Tropical Storm Arlene formed in the Gulf of Mexico on June 2. This made it the first named storm in the 2023 hurricane season. Writes about it The New York Times.

Photo: IStock

Arlene is moving southeast towards Cuba at a speed of 9 miles (14,4 km) per hour, according to the National Hurricane Center (NHC). It is likely to bring some rainfall to south Florida.

The storm is accompanied by wind gusts up to 40 miles (64 km) per hour. Storms accompanied by winds of 39 miles (62,7 km) per hour receive a name. When wind speeds reach 74 miles (119 km) per hour, the storm becomes a hurricane, and at 111 miles (178 km) per hour, it becomes a major hurricane.

Arlene is technically the second tropical cyclone to reach tropical storm strength this year. The Hurricane Center announced in May that it had determined that the storm that formed off the northeastern United States in mid-January was a subtropical storm, making it the first Atlantic cyclone of 2023. Arlene is the first named storm in the Atlantic Basin this year.

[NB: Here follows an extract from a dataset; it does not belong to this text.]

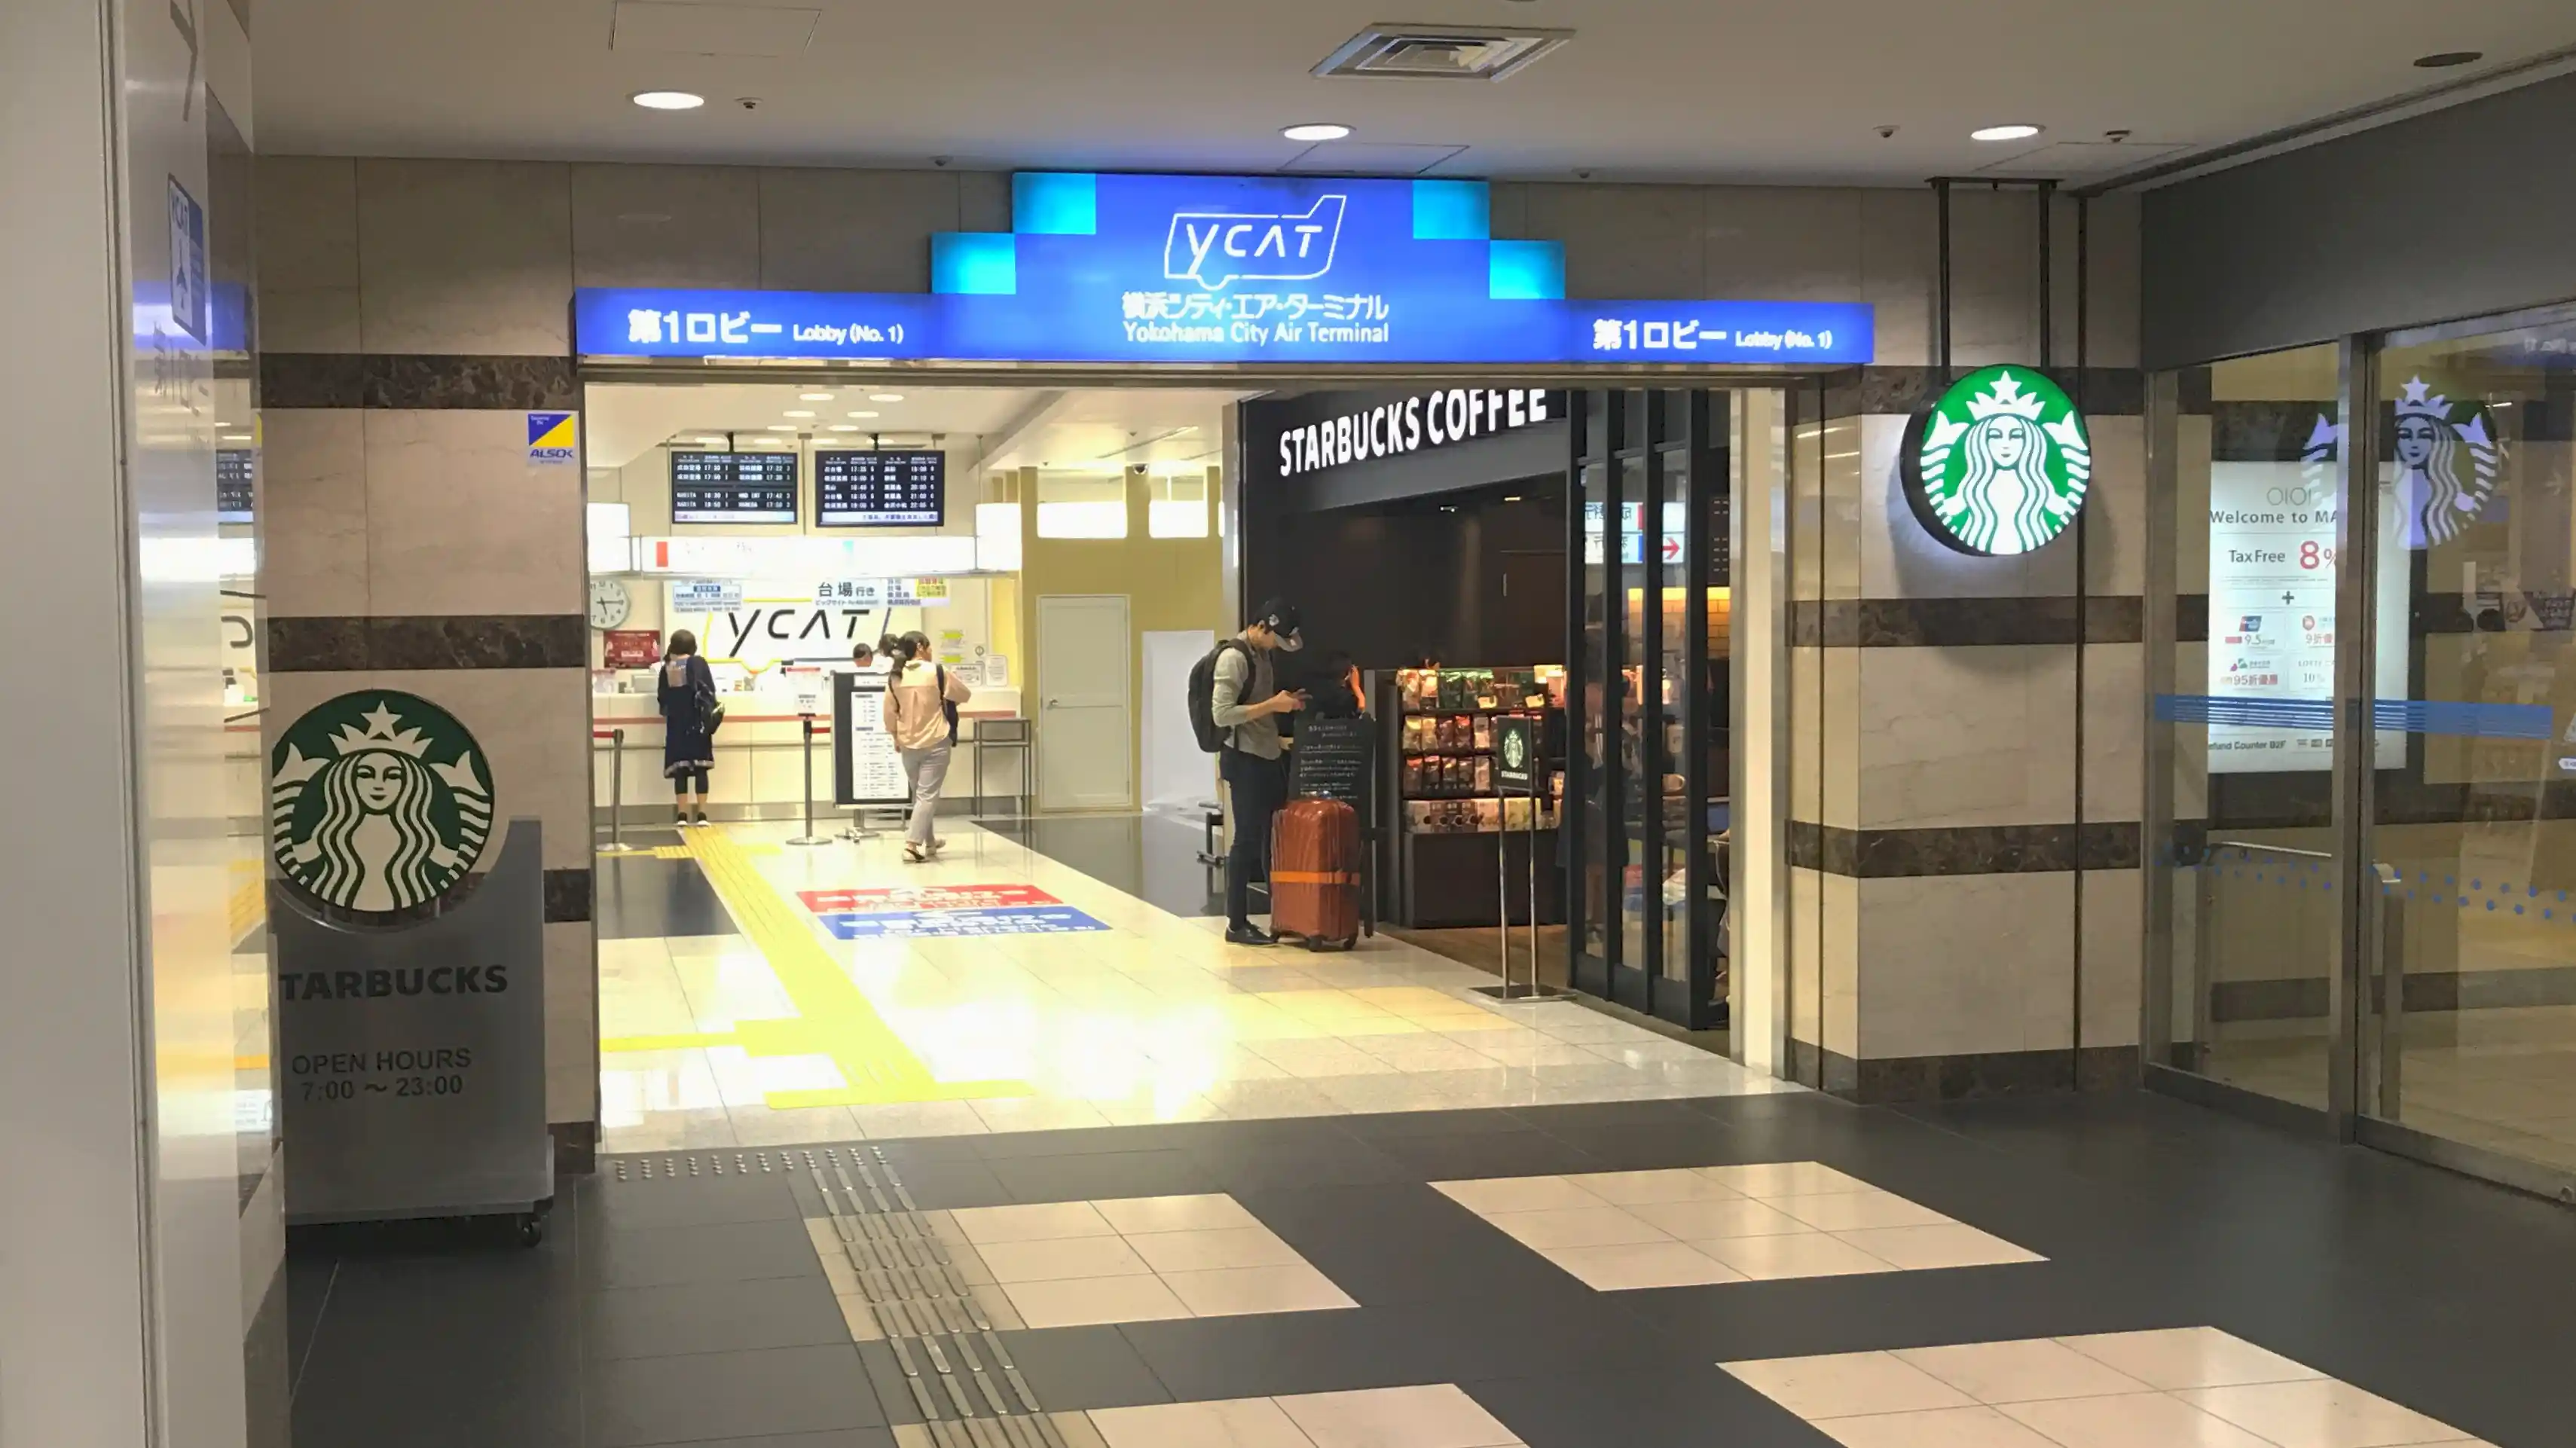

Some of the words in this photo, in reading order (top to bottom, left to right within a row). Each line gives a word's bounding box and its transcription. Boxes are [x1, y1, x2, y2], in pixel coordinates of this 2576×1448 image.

On the subject: Hurricane season 2023: a list of names and forecasts of storm activity in the Atlantic

The Atlantic hurricane season began June 1 and will run until November 30.

At the end of May, the National Oceanic and Atmospheric Administration (NOAA) has predicted that there will be 12 to 17 named storms this year, which is a "nearly normal" number. There were 14 named storms last year after two extremely intense Atlantic hurricane seasons.

Screenshot: nhc

However, NOAA did not express much confidence in its forecast for this year and said there is a 40 percent chance of a near-normal season, a 30 percent chance of an above-normal season, and another 30 percent chance of a below-normal season.

There have been signs that Atlantic ocean temperatures will be above average this season, which could trigger storms, as well as the potential for an above-normal West African monsoon. The monsoon season brings storm activity that can lead to more powerful and prolonged Atlantic storms.

But forecasters are expecting an El Niño, a climate event that could have wide-ranging effects on weather around the world, that will reduce the number of hurricanes.

"It's quite rare for both of these events to occur at the same time," said Matthew Rosenkrans, lead hurricane forecaster at NOAA's Climate Prediction Center.

In the Atlantic, El Niño increases the amount of wind shear, or the change in wind speed and direction from the ocean or land surface into the atmosphere. Calm conditions are essential for the formation of hurricanes, and instability caused by increased wind shear makes such conditions less likely. El Niño has the opposite effect in the Pacific by decreasing the amount of wind shear.

Even during average or below average seasons, there is a chance that a major storm will make landfall.

As global warming worsens, this chance increases. There is a strong consensus among scientists that hurricanes are getting more powerful due to climate change.

Screenshot: nhc

Climate change affects the amount of precipitation that hurricanes can bring. In warmer conditions, the air can hold more moisture, meaning the storm can hold and produce more precipitation, as happened with Hurricane Harvey in Texas in 2017, when some areas received more than 40 inches (101 cm) of rain in less than 48 hours.

You may be interested in: top New York news, stories of our immigrants and helpful tips about life in the Big Apple - read it all on ForumDaily New York

The researchers found that over the past few decades, storms have slowed down by lingering over areas for longer.

As a storm slows over water, the amount of moisture it can absorb increases. As the storm slows over land, the amount of rain falling at one location increases. In 2019, for example, Hurricane Dorian slowed over the northwestern Bahamas, resulting in almost 23 inches (58 cm) of rainfall in Hope Town during the storm.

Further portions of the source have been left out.